Au plus profond de mon être,
je souhaitais qu'elle m'accompagne et ne me quitte plus une
seconde. Pourtant, je ne pouvais accepter directement sa proposition.
Ne vous est-il jamais arrivé de refuser, du bout des
lèvres, une présence à laquelle vous
aspirez profondément ? Ne vous est-il jamais arrivé
de marquer un temps d'hésitation afin que votre interlocuteur
affermisse une position qui vous convient ?
Si je jouais ce jeu, ce n'était pas par goût
du risque mais, plus simplement, parce que je pressentais
que les secondes qui passaient marqueraient ma vie en profondeur.
Je gardais le récepteur collé à mon
oreille. Ue charrette passa dans la rue, tirée par
deux boeufs blancs. Elle emportait un cochon fraîchement
égorgé. Du sang violacé pissait sur la
route. Le ciel était vraiment quelconque. Des ailes
d'oiseaux, blanches frangées de noir, parcouraient
le ciel. Je m'étais appuyé à la tablette
et sentais mon coeur cogner dans ma poitrine. Je transpirais.
Je passai ma main sur mon visage. Il piquait. C'est vrai,
je ne m'étais pas rasé.
- Michel, Michel, tu es toujours là, dis ?
- Oui, Isabelle, bien sûr.
- Tu as entendu ce que je t'ai dit ?
- Oui... tu veux venir avec moi.
- Oh, Michel, je croyais que tu serais enchanté, que
tu sauterais de joie. Si c'est tout le cas que tu en fais
!
- Isabelle !
- Eh bien quoi, parle. Tu peux toujours dire non, tu sais.
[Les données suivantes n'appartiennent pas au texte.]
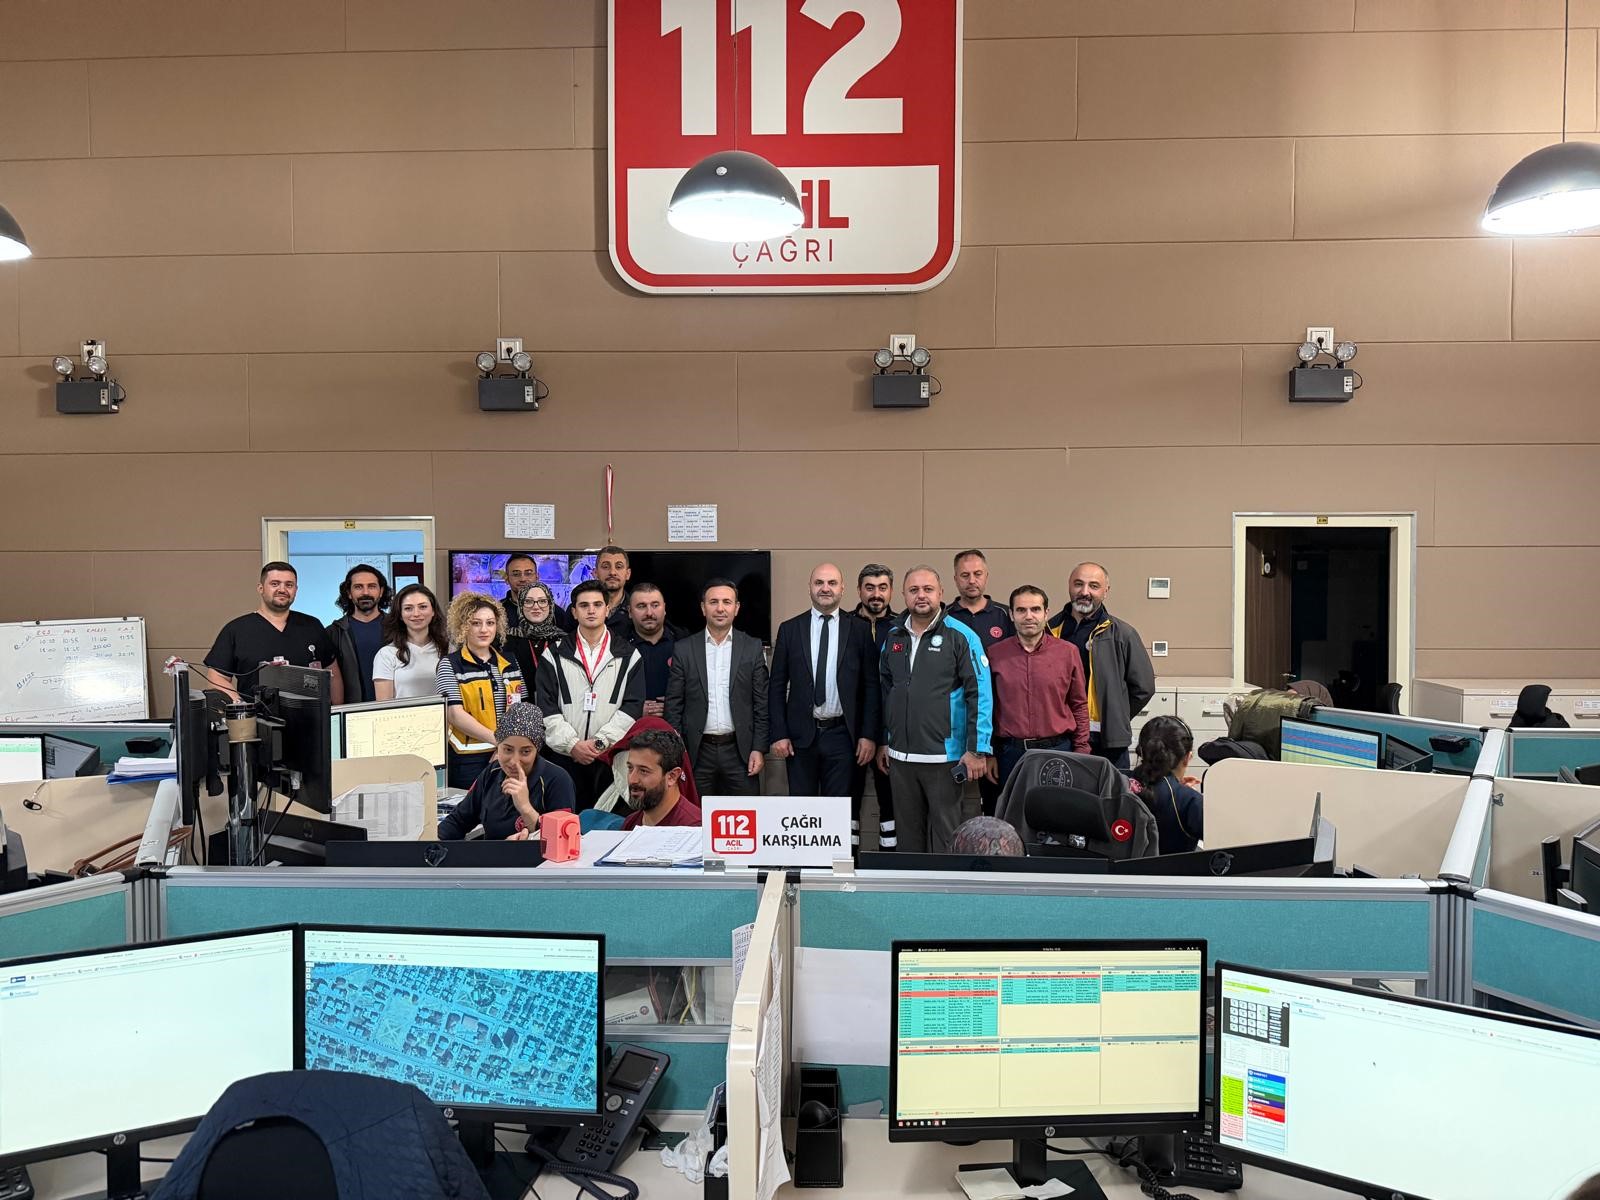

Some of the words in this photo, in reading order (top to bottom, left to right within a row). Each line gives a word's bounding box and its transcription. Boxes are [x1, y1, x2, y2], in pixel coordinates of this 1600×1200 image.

Ce n'est pas pour cela que je t'en voudrai. Nous ne nous reverrons
plus, et puis... et puis, c'est tout.
Nous étions tous deux suspendus au-dessus d'un précipice.
Un simple mot et une chute vertigineuse commencerait.
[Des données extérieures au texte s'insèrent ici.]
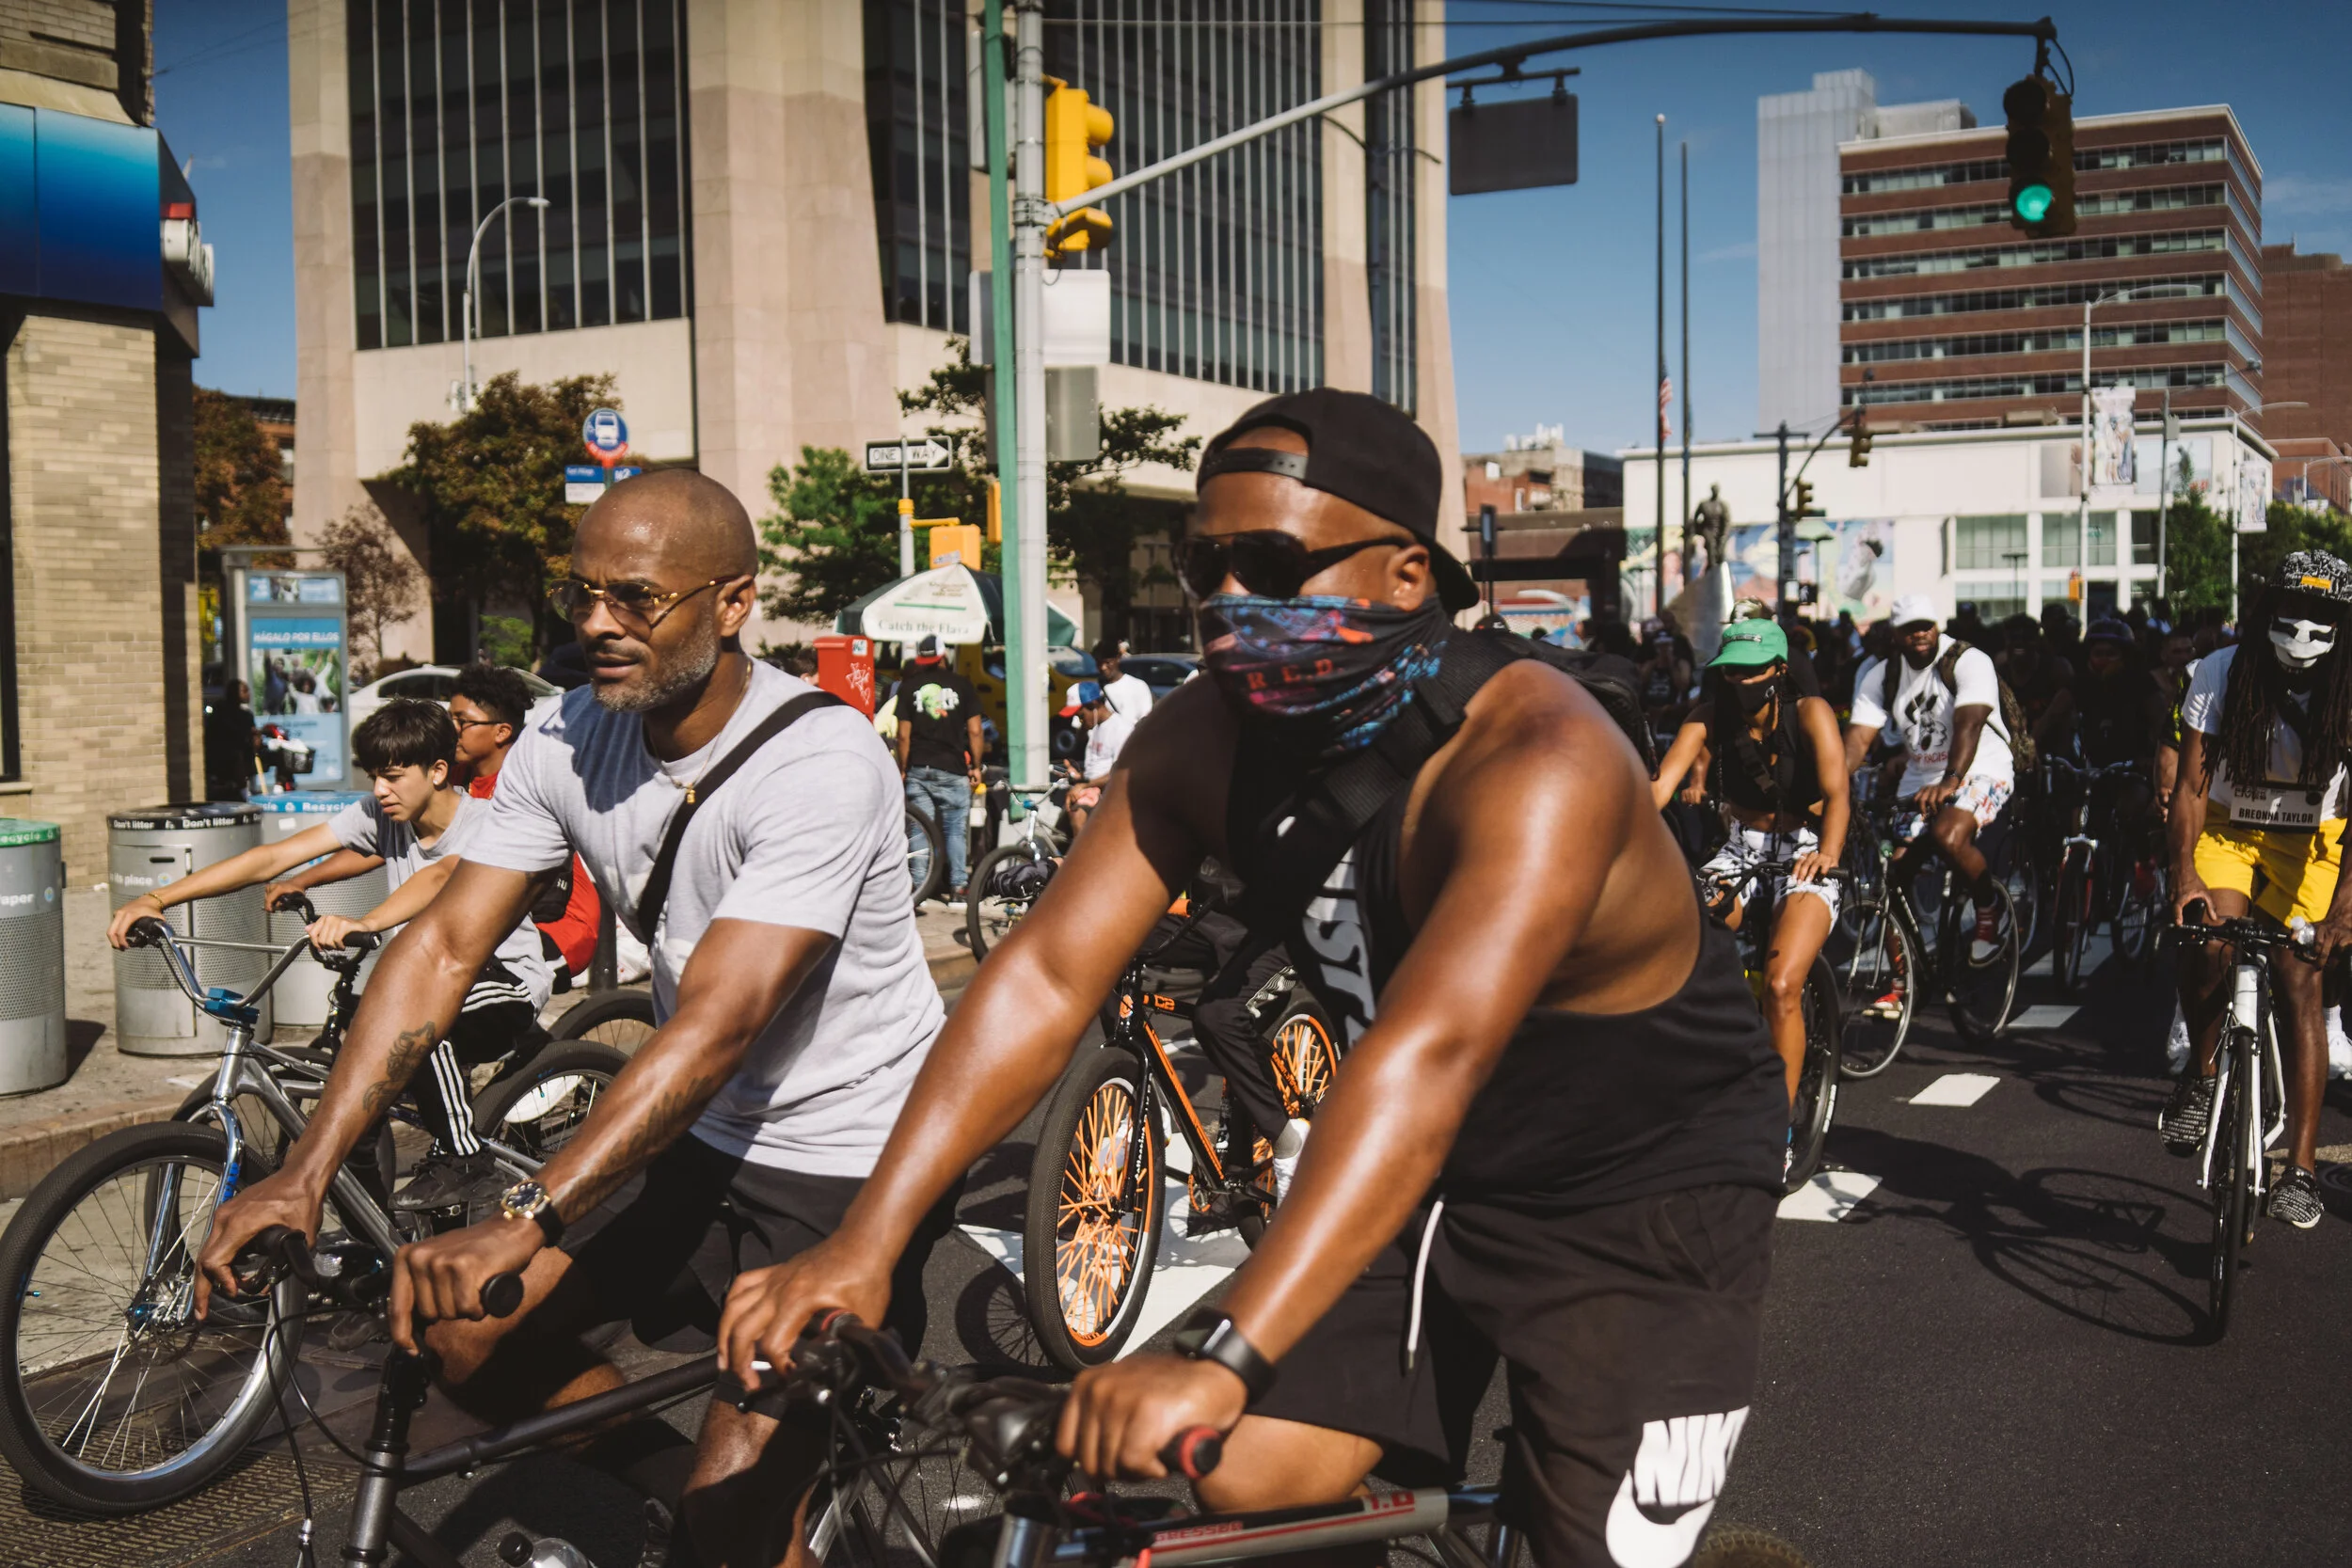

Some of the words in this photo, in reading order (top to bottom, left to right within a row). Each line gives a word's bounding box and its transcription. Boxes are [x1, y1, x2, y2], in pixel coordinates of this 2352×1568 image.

[872, 448, 897, 461] ONE
[910, 447, 938, 460] WAY
[878, 619, 913, 632] Catch
[916, 622, 935, 633] the
[292, 631, 310, 643] POR
[311, 631, 340, 643] ELLOS
[183, 818, 212, 829] Don't
[213, 816, 235, 826] litter
[2239, 808, 2279, 822] BREONNA
[2281, 812, 2313, 823] TAYLOR
[114, 819, 132, 829] Don't
[132, 820, 155, 830] litter
[0, 831, 40, 845] ecycle
[124, 874, 153, 887] place
[0, 893, 35, 907] aper
[1633, 1405, 1750, 1507] NIK
[1153, 1520, 1244, 1543] GRESSOR
J'imaginais sa tête légèrement penchée
et ses cheveux noirs, comme une vaste cape, recouvrant le
récepteur. J'imaginais ses yeux brillants et souriants,
ses lèvres fines peut-être légèrement
surchargées d'un rouge sombre et mat.
- Isabelle, je voudrais te serrer dans mes bras, mais...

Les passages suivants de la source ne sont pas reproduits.